He lives in undershirts and sweatpants when he’s not expected to be anywhere important.

“As it turned out, all my sweatpants were dirty, so I was tragically forced to dress business casual.”

"Oh, is that why?" you ask. You add, “don’t mew have somewhere around seventeen pairs of sweatpants?”

He shifts the car into gear and pulls out of his space in front of a fire hydrant.

“Twelve, at last count.”

You two continue back and forth like this for a while.

“So, what’s your first class to teach today?” you ask him.

“Homeroomology,” he replies. “Can’t wait to put the fear of God in my students, although I don’t think it’ll work. I got seniors for whatever reason. They’re not afraid of anything except college apps.”
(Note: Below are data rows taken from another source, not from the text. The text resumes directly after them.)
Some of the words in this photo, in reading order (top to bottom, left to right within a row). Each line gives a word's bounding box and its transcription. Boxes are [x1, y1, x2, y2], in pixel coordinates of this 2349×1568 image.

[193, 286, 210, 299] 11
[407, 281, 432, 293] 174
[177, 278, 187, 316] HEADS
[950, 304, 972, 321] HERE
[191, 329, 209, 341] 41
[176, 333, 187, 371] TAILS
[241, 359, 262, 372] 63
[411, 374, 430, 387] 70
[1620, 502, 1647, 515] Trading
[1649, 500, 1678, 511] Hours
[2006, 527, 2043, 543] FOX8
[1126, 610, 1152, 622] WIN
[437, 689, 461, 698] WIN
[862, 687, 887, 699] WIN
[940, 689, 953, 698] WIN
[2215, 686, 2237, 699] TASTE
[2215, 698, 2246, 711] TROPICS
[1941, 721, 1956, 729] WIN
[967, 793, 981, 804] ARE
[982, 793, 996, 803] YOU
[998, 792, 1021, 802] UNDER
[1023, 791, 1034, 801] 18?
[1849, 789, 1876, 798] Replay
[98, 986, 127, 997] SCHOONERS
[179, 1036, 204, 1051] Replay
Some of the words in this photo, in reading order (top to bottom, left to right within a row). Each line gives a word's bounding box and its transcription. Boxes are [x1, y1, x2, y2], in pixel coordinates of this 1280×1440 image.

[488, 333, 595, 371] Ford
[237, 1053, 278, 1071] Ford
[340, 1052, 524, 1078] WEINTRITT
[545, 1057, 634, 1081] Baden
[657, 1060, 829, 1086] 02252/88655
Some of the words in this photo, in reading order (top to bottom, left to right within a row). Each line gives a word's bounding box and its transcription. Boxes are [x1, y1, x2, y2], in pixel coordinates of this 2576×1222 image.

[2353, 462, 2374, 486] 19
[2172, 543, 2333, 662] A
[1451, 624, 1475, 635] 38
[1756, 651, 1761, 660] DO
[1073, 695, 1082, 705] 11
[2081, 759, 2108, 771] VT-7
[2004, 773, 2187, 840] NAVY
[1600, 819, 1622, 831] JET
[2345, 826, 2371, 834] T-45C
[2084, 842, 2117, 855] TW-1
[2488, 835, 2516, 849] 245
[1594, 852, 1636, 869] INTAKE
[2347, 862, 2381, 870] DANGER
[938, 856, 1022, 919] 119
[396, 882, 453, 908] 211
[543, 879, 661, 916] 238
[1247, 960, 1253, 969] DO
Simon was afraid of far more than college applications by senior year, but that's not something you'll say to him. No sense in dredging up bad memories. 

“I mean, after homeroom,” you clarify.

“I have a prep period, and then I gotta teach Physics.”

You make a face, your nose wrinkling. You detest Physics. You were mandated to take a year of some sort of science in college. You took Physics, since Simon could teach you everything. And you still almost failed.

“What about you, Katya?” he asks.

“Furrst homeroom with freshmen, then 9th grade English.”

“Ah, yes, gotta teach those teenagers about The Catcher in the Rye, and Julius Caesar, and All Quiet on the Western Front and, uh…” He thinks. “What the fuck else did we read in freshman year?”

“Mew were a year ahead of me, so I have no idea.”

“Huh. I thought everyone read the same shit,” he muses. “On the bright side, I heard all the department offices have a never ending supply of coffee.”

“I assume mew intend to put that to the test.”

“You already know.”

Once you get to school, things seem to be going fairly well, at least until a young man decides to engage you in “conversation”.

“Hey baby!” he shouts. “What’s going on?”

You know you look young - places that don't card Marisol still card you, despite her being three years younger - but is he seriously mistaking you for a student?

The more you ignore him, the more determined he seems to engage you.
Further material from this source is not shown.